__Data entries__.
::::::::::

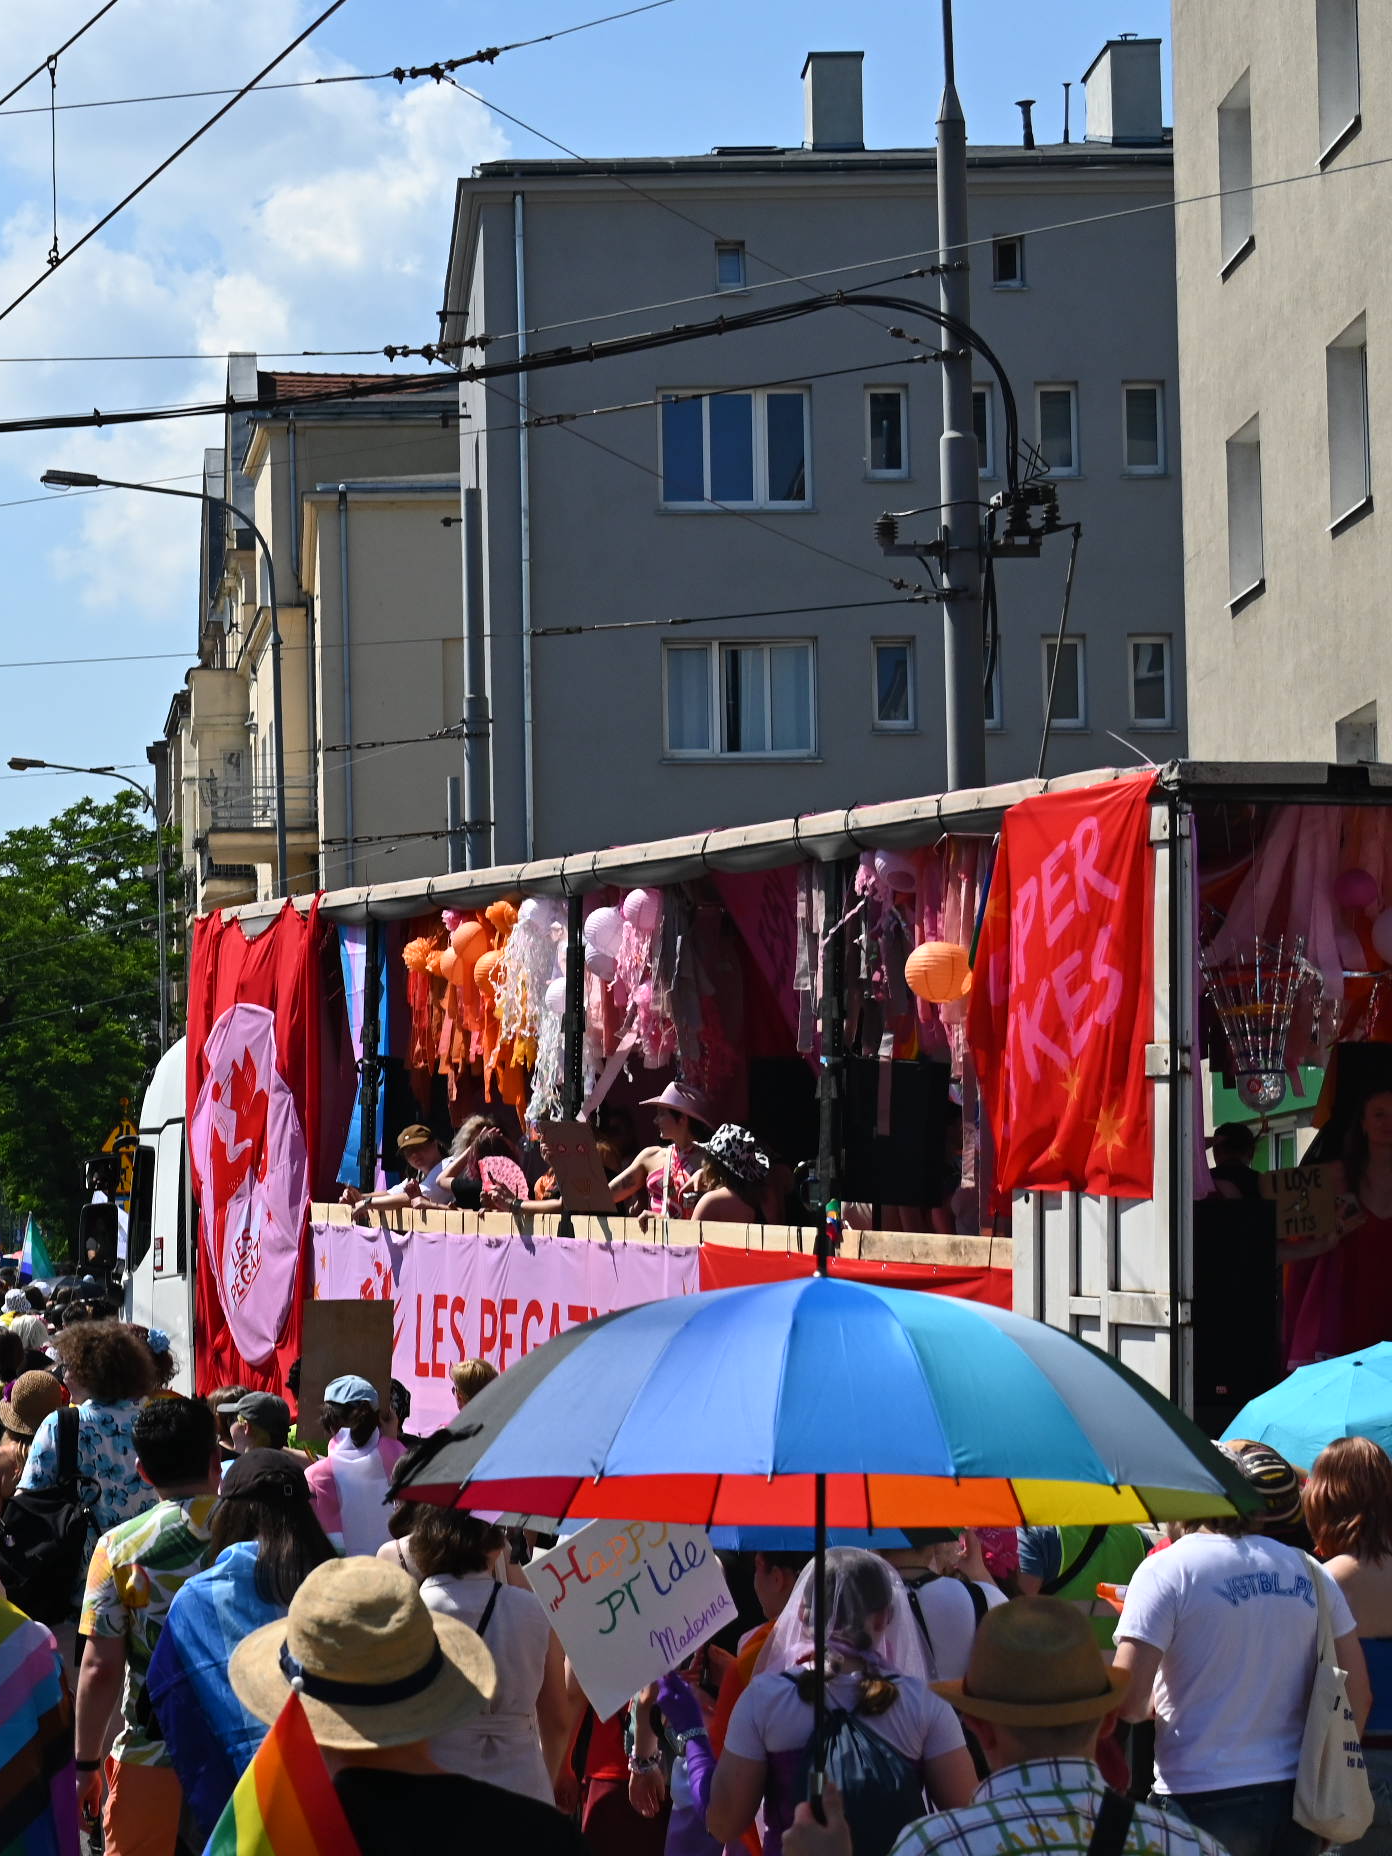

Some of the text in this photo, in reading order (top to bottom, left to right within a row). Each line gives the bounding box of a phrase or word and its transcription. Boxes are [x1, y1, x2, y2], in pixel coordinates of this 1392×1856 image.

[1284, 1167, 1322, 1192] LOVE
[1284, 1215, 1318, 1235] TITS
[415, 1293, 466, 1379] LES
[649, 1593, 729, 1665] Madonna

::::::::::

__Task__.
The entries above are to be repeated in full, except for their pictures.

__Exercise output__.
Some of the text in this photo, in reading order (top to bottom, left to right within a row). Each line gives the bounding box of a phrase or word and its transcription. Boxes are [x1, y1, x2, y2], in pixel coordinates of this 1392×1856 image.

[1284, 1167, 1322, 1192] LOVE
[1284, 1215, 1318, 1235] TITS
[415, 1293, 466, 1379] LES
[649, 1593, 729, 1665] Madonna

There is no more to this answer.